In the 1920s and 1930s, politicians and the public lived in fear of compromising the national credit. It’s been a long time since anyone has been afraid of the public bond raters. Did Keynesian social democrats get us into this fix? Or was it the anti-statist, small government, Chicago School and its “investment community” friends who sold the idea of tax cuts in the 1970s?
Perhaps each gets some of the blame. So, too, do the folks who make a living from managing money. We’d be better off now if “the markets” had imposed a bit more discipline in naming the necessary tax levels back then.
Shirley Tillotson, history department, Dalhousie University, Halifax
Neil Reynolds notes that the problem with “democracy” (by which he means welfare-state capitalism) is its tendency “to centralize political and economic power in the same hands.” A further problem is that virtually all other political systems that we know of suffer from the same defect, including more liberal or free-market varieties of democratic capitalism. With the memory of police in Toronto undertaking mass arrests in response to property damage still fresh, I was surprised that Mr. Reynolds didn’t think to point out in this context that there is one strand of political philosophy that has most consistently sought to undo the concentration of political and economic power: anarchism.

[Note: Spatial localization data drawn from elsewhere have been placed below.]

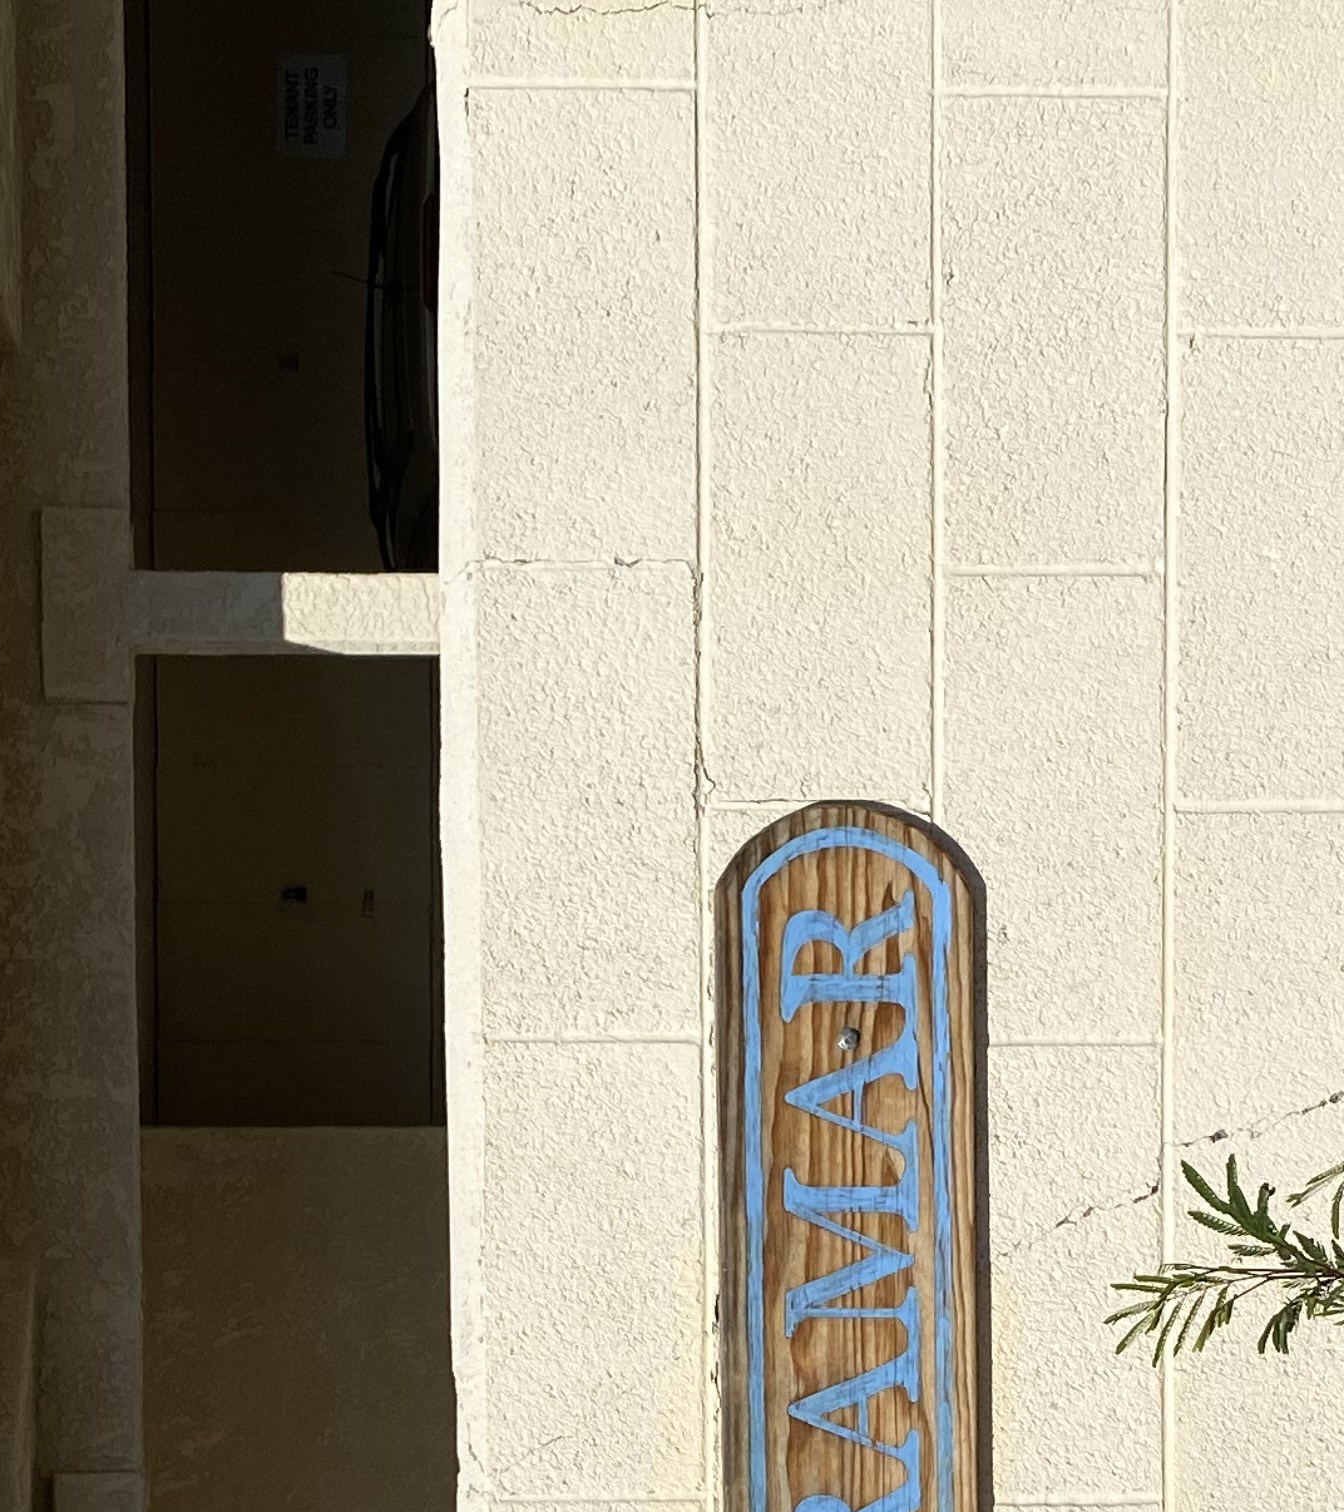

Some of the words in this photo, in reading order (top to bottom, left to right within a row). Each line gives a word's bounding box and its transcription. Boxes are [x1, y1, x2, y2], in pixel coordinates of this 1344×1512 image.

[284, 69, 299, 141] TENANT
[304, 67, 319, 145] PARKING
[323, 84, 338, 129] ONLY
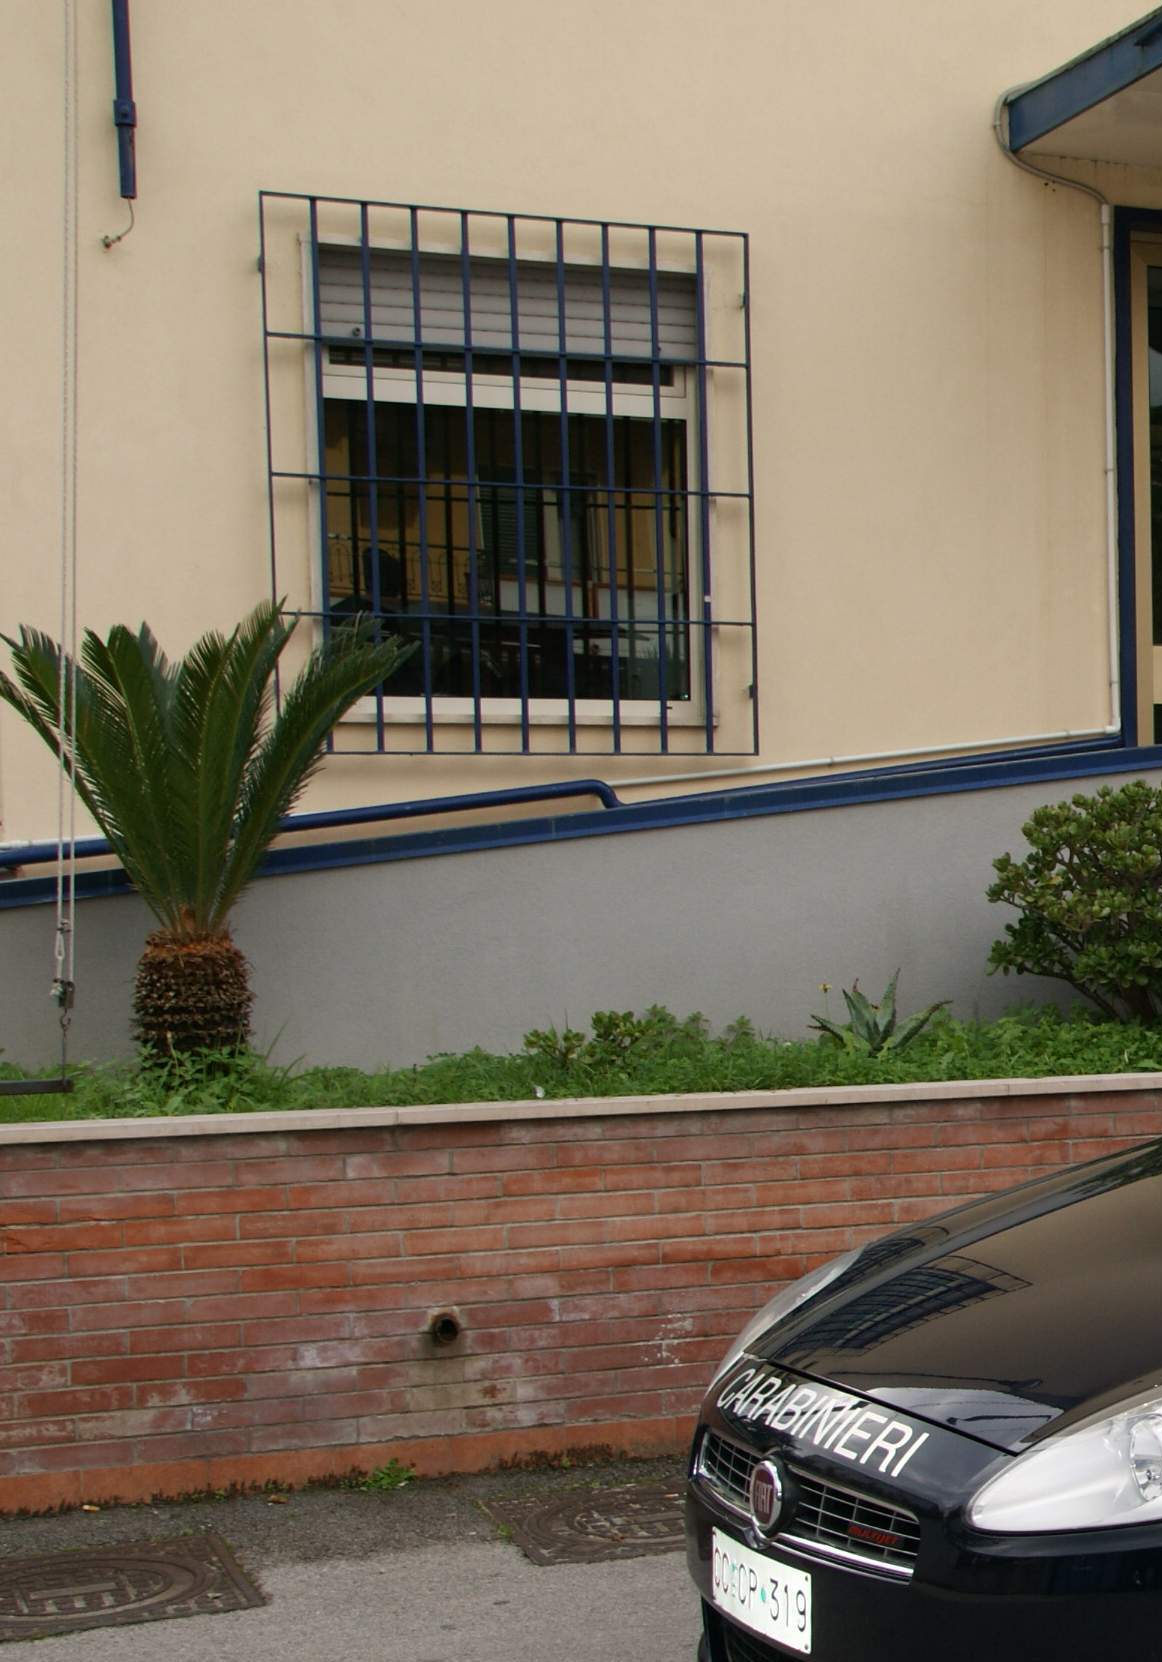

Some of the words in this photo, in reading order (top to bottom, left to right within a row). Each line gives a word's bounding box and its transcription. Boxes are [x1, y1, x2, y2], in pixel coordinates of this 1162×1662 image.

[716, 1368, 930, 1477] CARABINIERI
[752, 1480, 773, 1514] FIAT
[714, 1547, 730, 1594] CC
[738, 1563, 758, 1609] CP
[769, 1578, 807, 1632] 319

Andrew Biro, political science department, Acadia University, Wolfville, N.S.
Neil Reynolds has it wrong. Capitalism, not democracy, is the problem. As history has shown again and again, capitalism can generate economic growth. But it can also create persistent problems of inequality, poverty and economic injustice, which in turn cause apathy, discontent and ultimately instability, all of which undermine profits and ultimately the very growth that capitalism is supposed to generate.
Both democracy and the welfare state may ultimately be thought of as responses to these problems. In the words of American economist John R. Commons, writing before Milton Friedman appeared on the scene, they function “to save capitalism in spite of itself.” Over the short term, Commons was right. Yet as the experience of the past 40 years, and especially the past three years, has shown, they may be incompatible over the longer term – not with each other, but with capitalism as we know it.
It is time to seek a new form of economic – as well as political and social – organization, one that is more conducive to both democracy and equality (not to mention the environment) and ultimately to social progress. This could be a new form of capitalism or it could be something else. But the current economic model seems, increasingly, to be long past its “best before” date.